Each winter, when snow blankets a normally mild region of the country or a polar vortex sinks large swaths of America into a deep freeze, the questions begin. They mostly boil down to a central idea:
If the climate is warming, then why is it so cold outside?
These questions, even when asked in good faith, reveal a fundamental misunderstanding of the differences between climate and weather. While changes in the climate do affect global weather patterns, climate and weather are not the same and one’s effect on the other is often counterintuitive. We’ll explain why that is in a minute, but first, let’s examine how climate and weather differ.
Climate
Climate is what we expect. According to the National Oceanic and Atmospheric Administration (NOAA), climate refers to the weather conditions prevailing in an area in general or over a long period of time. Climate is a general statement or set of averages reflecting what a location’s conditions are in, say, a particular season—like fall or spring. It’s important to remember that different regions have different climates: whereas New Mexico features a warm and dry climate, Maine’s climate is generally cooler and wetter. (Keep reading for more on how global climate change is altering regional climates.)
Weather
If climate refers to long-term conditions, weather is the short-term state of the atmosphere at a particular place and time. Climate tells us how much rain/snow/heat/wind/humidity an area tends to get over a season, whereas weather tells us what’s happening outside today. If climate is what we expect, weather is what we get.
Helpful analogies
Still confused? That’s OK. Perhaps one of these analogies, some offered by AMC scientists, will help in visualizing the key differences between climate and weather:
Clothes: If weather is today’s outfit (picked out based on today’s conditions), climate is your whole closet (assembled over time based on your region’s overall conditions). I might have a closet full of flannel shirts because I live in the generally cooler White Mountains (climate), but I may wear a tank-top one day in early May because it’s unseasonably warm (weather).
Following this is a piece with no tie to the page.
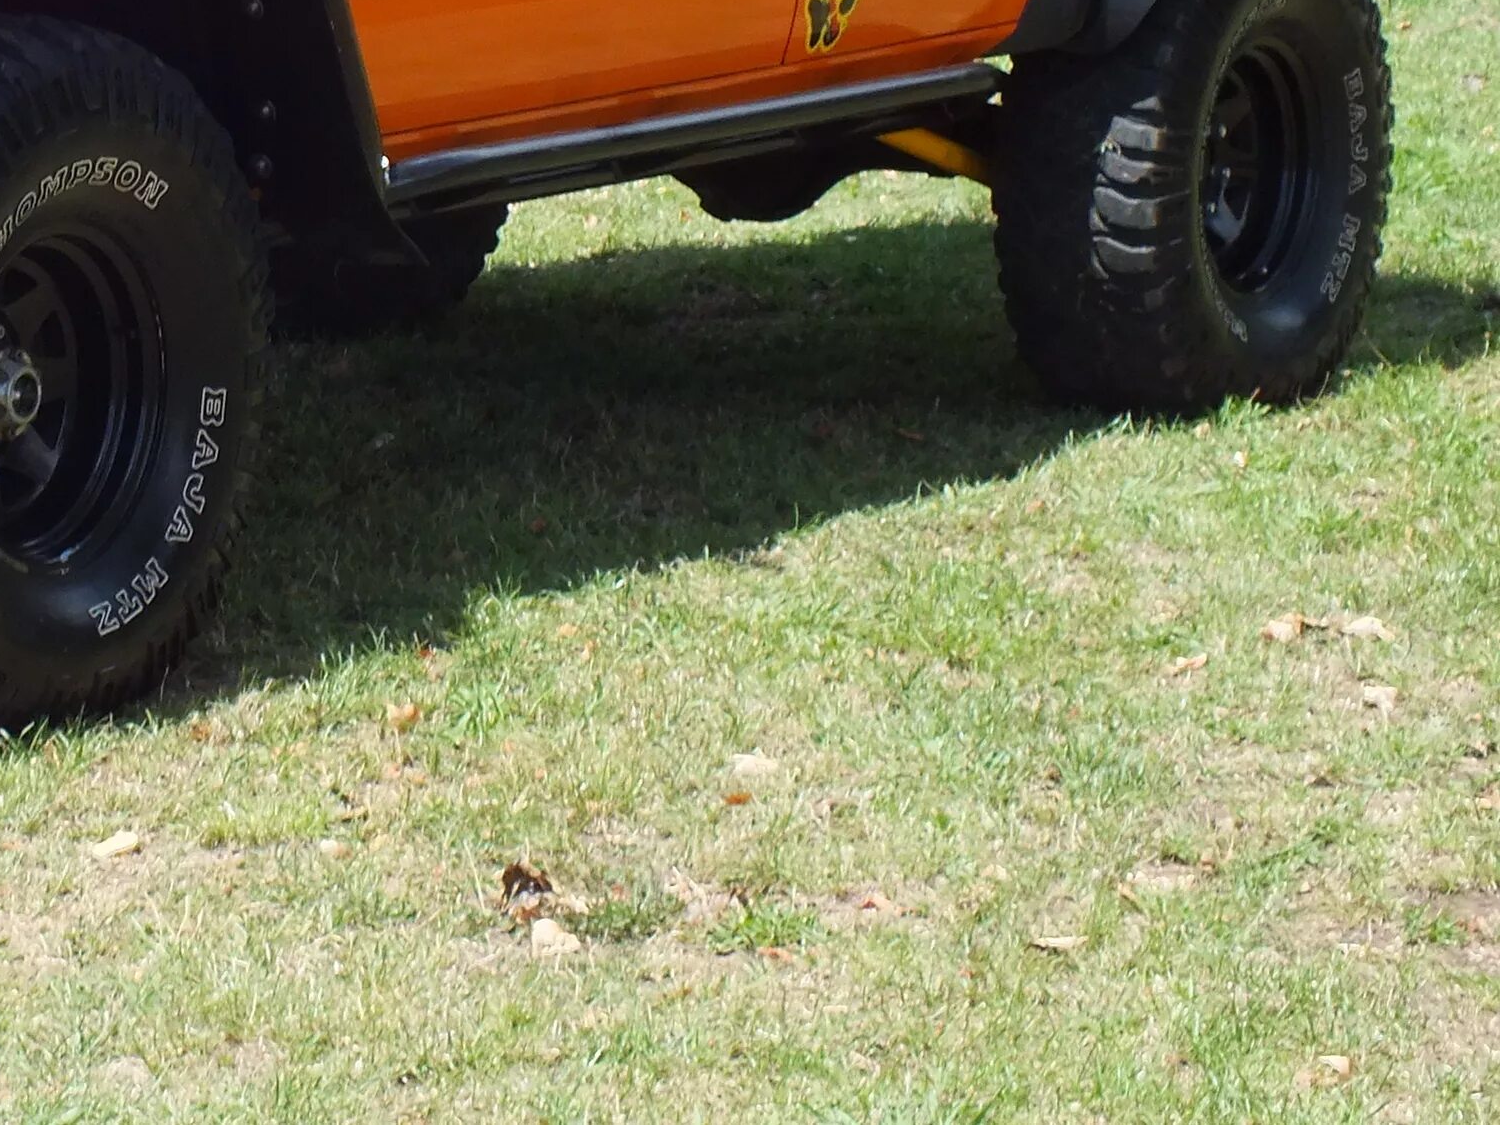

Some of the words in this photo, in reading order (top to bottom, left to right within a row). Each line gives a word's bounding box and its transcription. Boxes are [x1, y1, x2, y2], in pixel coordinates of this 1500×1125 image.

[1342, 67, 1367, 195] BAJA
[166, 386, 227, 545] BAJA
[88, 557, 169, 636] MTZ
Gardening: Do you have a vegetable garden? You probably decide what to plant each season based on your region’s overall climate. (A lime tree may not grow very well in cool New Hampshire, whereas an apple tree thrives in the cooler climate.) The harvest we reap, however, depends largely on the weather a season provided. Even though the Northeast climate is generally great for growing peaches, for instance, a February thaw and re-freeze can decimate a season’s worth of crop—which is exactly what happened across the region in 2016.
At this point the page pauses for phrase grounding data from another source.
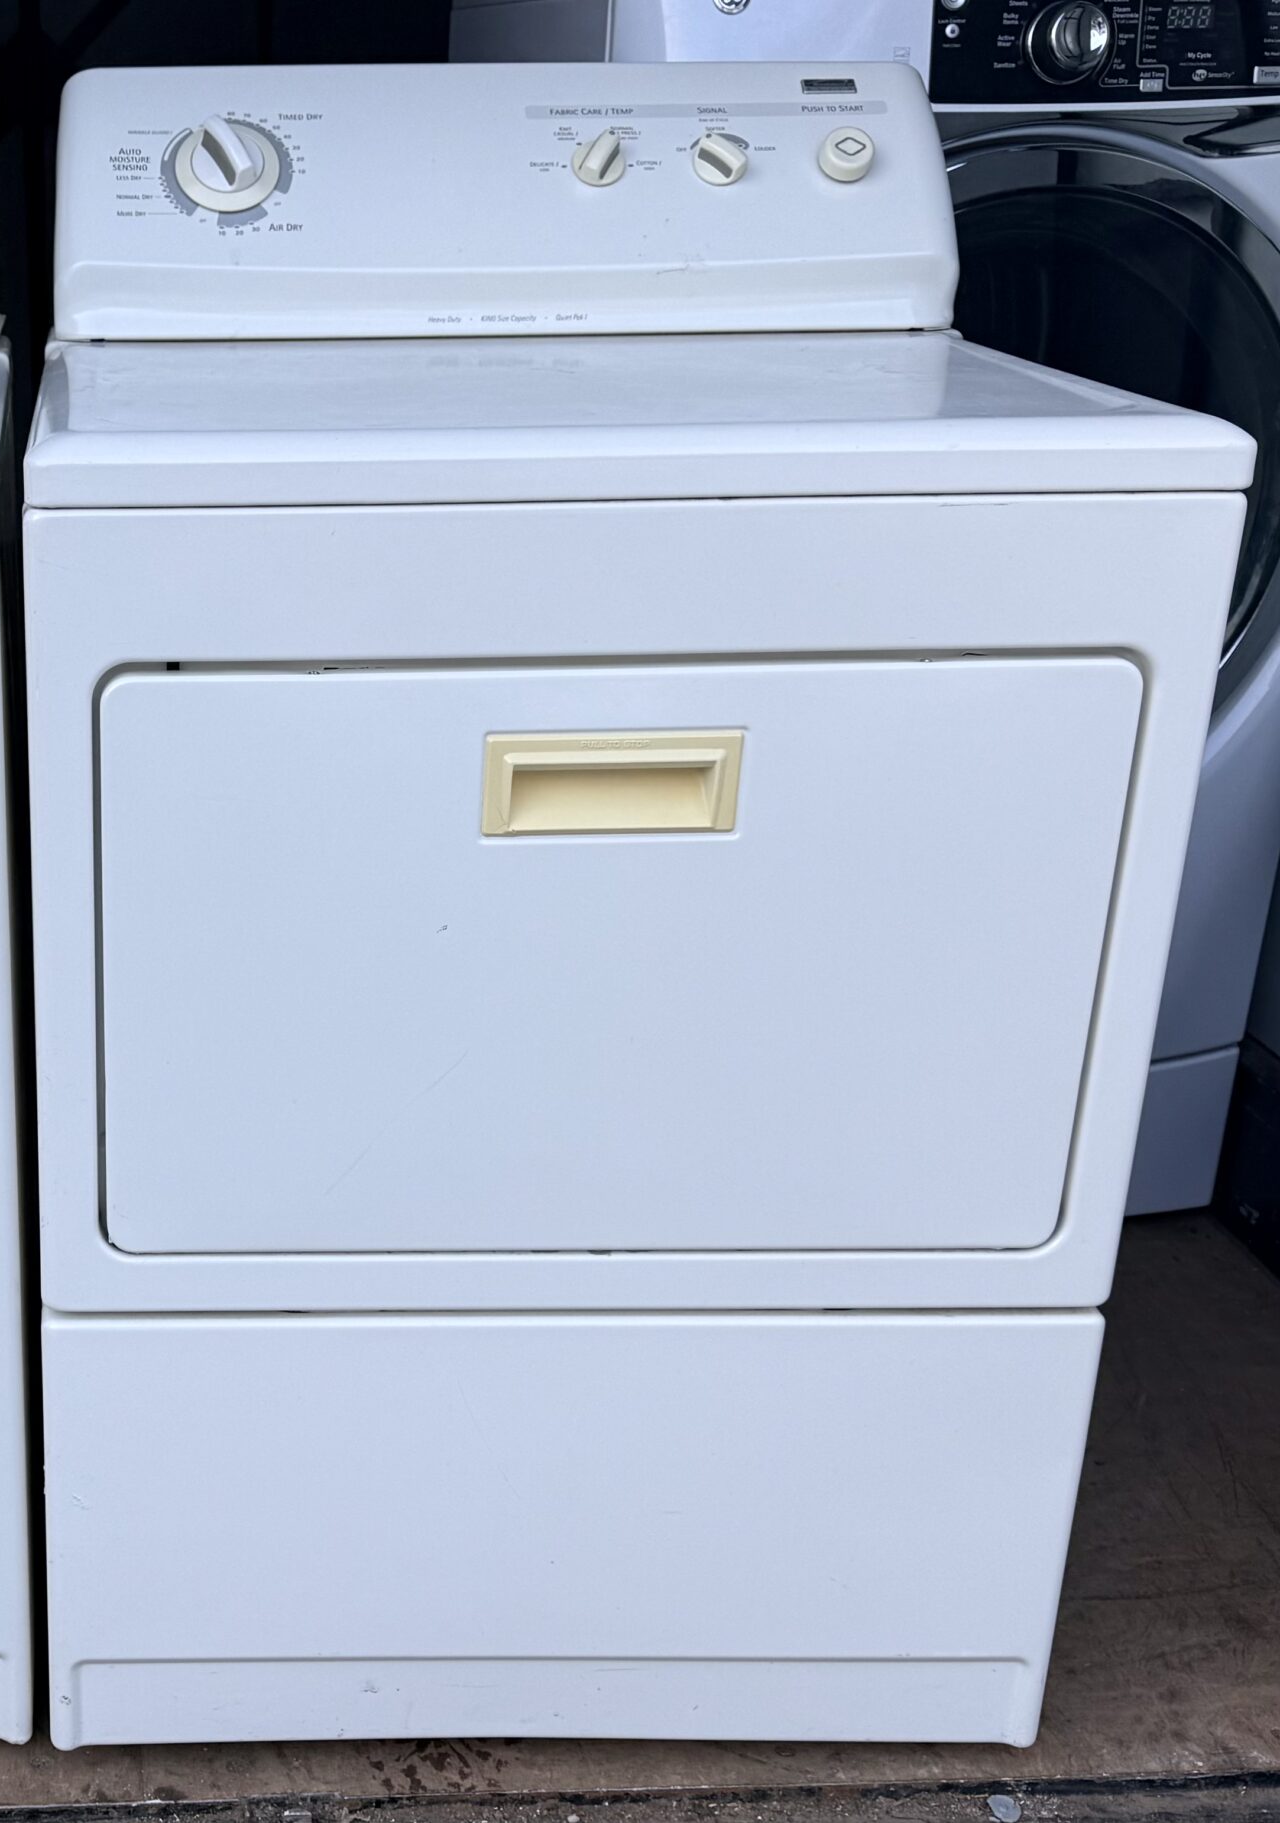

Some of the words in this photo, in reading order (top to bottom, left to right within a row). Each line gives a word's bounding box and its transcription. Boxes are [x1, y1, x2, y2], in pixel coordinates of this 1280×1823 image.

[1196, 51, 1212, 59] Cycle
[1261, 70, 1279, 79] Temp
[549, 108, 579, 116] FABRIC
[581, 107, 602, 116] CARE
[611, 107, 634, 115] TEMP
[118, 147, 142, 156] AUTO
[109, 156, 151, 164] MOISTURE
[268, 223, 284, 232] AIR
[286, 223, 304, 232] DRY
Food: When deciding where to go out to eat (or get takeout), we might choose based on the type of food a restaurant serves: Mexican, Italian, Thai, and the like. This is similar to the climate. If climate is a restaurant’s general cuisine, then weather is a specific menu item available today—or even a “special.”
Climate’s impact on weather
Now that we’ve established the key differences between climate and weather, let’s explore how changes in the climate affect the weather we see on a daily basis. First off, most scientists agree that it’s impossible to say for sure that a particular day’s weather is a direct result of changes in the climate. Those observations are made over many years, not a single day. Climate science is one of the fastest-growing fields, and AMC’s long-term observation of weather patterns has contributed greatly to our understanding of how climate change affects the Northeast and Mid-Atlantic.
While NASA climate scientists have shown that all but one of the 16 hottest years on Earth in the agency’s 134-record have occurred since 2000, they’ve also observed changes in weather. For instance, many scientists attribute the presence of stronger and more frequent storms and hurricanes to warmer seas, which strengthen weather systems as they pass over. AMC scientists attribute changes to New England winters—which are shorter and feature less snow and more sudden thaws and freezes than they used to—to changes in the global climate, at least in part.
What about those polar vortexes that have plunged large sections of the United States into sub-zero territory the past several winters and bring out the climate change skeptics. Some scientists now theorize these systems are caused and strengthened by rapid Arctic warming from sea ice loss and climate change, affecting places much farther south with extreme weather. In the summertime, these events have been linked to extended droughts and heat waves.